■ To do
All of the data below must be reproduced word for word, but without its images.

■ Input for this task

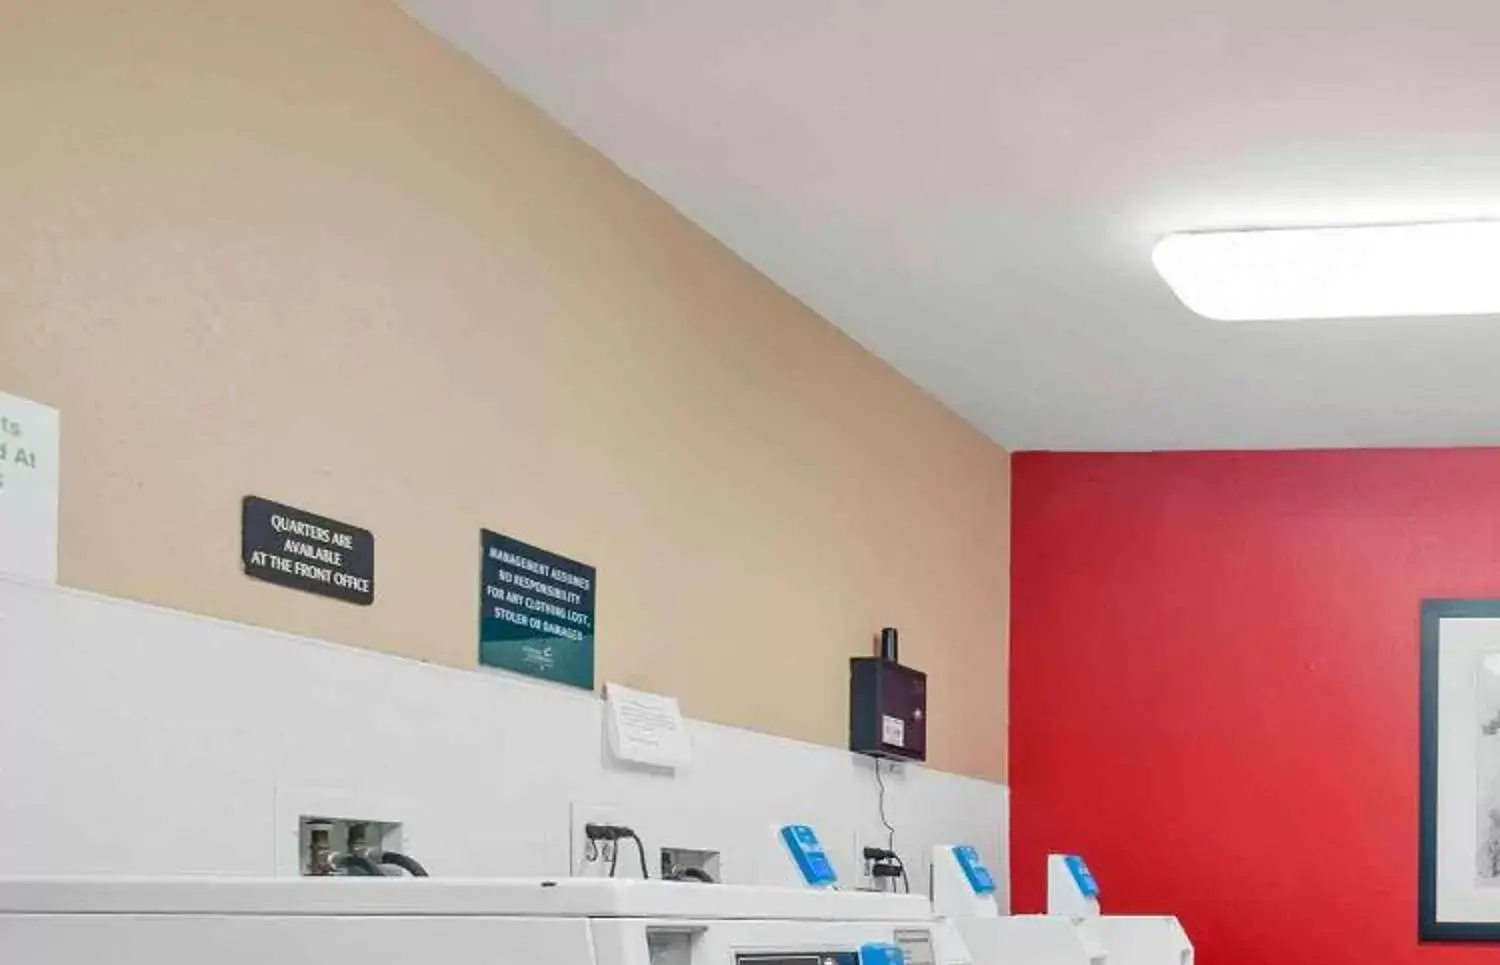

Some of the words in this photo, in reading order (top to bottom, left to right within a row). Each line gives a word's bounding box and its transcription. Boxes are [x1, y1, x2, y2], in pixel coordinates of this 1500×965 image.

[271, 514, 330, 543] QUARTERS
[331, 533, 353, 550] ARE
[283, 539, 342, 567] AVAILABLE
[489, 546, 550, 576] MANAGEMENT
[551, 568, 590, 591] ASSUMES
[251, 550, 267, 566] AT
[269, 554, 293, 573] THE
[294, 560, 332, 584] FRONT
[333, 571, 369, 593] OFFICE
[499, 569, 513, 583] NO
[486, 585, 505, 600] FOR
[506, 591, 525, 607] ANY
[525, 597, 567, 619] CLOTHING
[529, 617, 541, 630] OR

■ Output of the task
Some of the words in this photo, in reading order (top to bottom, left to right within a row). Each line gives a word's bounding box and its transcription. Boxes are [x1, y1, x2, y2], in pixel coordinates of this 1500×965 image.

[271, 514, 330, 543] QUARTERS
[331, 533, 353, 550] ARE
[283, 539, 342, 567] AVAILABLE
[489, 546, 550, 576] MANAGEMENT
[551, 568, 590, 591] ASSUMES
[251, 550, 267, 566] AT
[269, 554, 293, 573] THE
[294, 560, 332, 584] FRONT
[333, 571, 369, 593] OFFICE
[499, 569, 513, 583] NO
[486, 585, 505, 600] FOR
[506, 591, 525, 607] ANY
[525, 597, 567, 619] CLOTHING
[529, 617, 541, 630] OR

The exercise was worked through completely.